Pollard claimed that Irish republicanism was really a conspiracy to usurp law and order by a core of fanatics and criminals. He laments the lack of British political will to pursue the war against the IRA and excuses many of the atrocities by the infamous 'Black and Tans' during the conflict. He claimed that the racial characteristics of the Irish race were at the root of the Irish problem and predicted that any peace settlement would soon be followed by a return to violence.

Hugh Bertie Campbell Pollard (1888-1966) was born in London, baptised a Roman Catholic and educated in boarding school. He joined the British Army and was promoted to Captain during World War I. In 1920 he became Press Officer to the information section of the Royal Irish Constablary or RIC, the British police force in Ireland. He was involved in a 'black propaganda' campaign against the IRA producing fake versions of the Irish Bulletin, a gazette read by Irish republicans and fake newsreels purporting to show British progress in the conflict. The exposure of Pollard's activities embarrassed the British government.

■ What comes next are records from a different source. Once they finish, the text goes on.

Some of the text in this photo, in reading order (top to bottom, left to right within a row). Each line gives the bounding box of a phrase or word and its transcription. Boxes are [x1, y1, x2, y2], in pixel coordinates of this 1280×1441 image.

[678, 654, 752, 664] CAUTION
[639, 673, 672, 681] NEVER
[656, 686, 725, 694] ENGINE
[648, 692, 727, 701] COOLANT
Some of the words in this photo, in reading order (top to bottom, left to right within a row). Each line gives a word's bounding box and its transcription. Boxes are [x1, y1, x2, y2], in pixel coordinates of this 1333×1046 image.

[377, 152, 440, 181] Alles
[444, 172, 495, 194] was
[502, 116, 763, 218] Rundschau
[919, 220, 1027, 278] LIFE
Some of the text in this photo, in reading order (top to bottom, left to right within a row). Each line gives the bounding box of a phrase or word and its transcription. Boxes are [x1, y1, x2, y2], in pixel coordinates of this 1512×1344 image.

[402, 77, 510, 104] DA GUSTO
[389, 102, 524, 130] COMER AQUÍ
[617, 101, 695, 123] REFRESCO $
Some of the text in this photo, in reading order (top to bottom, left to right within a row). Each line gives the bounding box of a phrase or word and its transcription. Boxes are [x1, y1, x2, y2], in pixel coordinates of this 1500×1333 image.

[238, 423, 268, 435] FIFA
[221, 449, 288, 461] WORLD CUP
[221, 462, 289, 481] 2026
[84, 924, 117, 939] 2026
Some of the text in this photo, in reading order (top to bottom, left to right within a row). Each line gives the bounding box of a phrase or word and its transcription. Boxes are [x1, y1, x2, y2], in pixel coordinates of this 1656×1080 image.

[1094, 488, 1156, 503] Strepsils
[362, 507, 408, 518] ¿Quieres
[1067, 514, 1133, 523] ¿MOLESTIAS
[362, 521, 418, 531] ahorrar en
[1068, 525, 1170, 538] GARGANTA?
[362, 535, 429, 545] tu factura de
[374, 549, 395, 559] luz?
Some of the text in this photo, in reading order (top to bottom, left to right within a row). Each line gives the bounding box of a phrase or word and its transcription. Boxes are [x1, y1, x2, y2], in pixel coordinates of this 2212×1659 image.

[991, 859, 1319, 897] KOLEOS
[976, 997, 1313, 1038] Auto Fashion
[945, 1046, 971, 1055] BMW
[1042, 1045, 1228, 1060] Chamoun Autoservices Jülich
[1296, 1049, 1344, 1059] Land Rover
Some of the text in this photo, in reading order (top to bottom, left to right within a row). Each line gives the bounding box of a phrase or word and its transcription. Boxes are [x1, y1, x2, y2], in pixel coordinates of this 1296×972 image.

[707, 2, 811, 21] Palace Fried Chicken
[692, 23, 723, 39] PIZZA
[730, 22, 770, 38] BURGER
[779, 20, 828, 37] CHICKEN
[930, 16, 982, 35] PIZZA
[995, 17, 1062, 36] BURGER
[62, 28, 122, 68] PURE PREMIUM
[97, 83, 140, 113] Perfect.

Before the outbreak of the Spanish Civil War, Pollard organised a plane to fly the fascist leader General Franco from the Canary Islands to Morocco to take command of his forces in 1936. The British government did not participate in the war but they sought to prevent Spain falling to communism. In 1940 he became MI6 station chief in Madrid where he played an important role in clandestine intelligence gathering inside the Nazi Third Reich.

During World War II, he was involved with the Special Operations Executive or SOE, set up by British Prime Minister Winston Churchill to co-ordinate guerrilla warfare by resistance groups against Nazi forces in occupied Europe. Ironically, it is said that the SOE modelled itself on the Irish Republican Army.

During a long career Pollard took part in many other conflicts on behalf of British intelligence, wrote books on military history and became a firearms expert. Pollard also worked as a journalist for the Daily Express and was sporting editor of Country Life. He died in Sussex, England in 1966.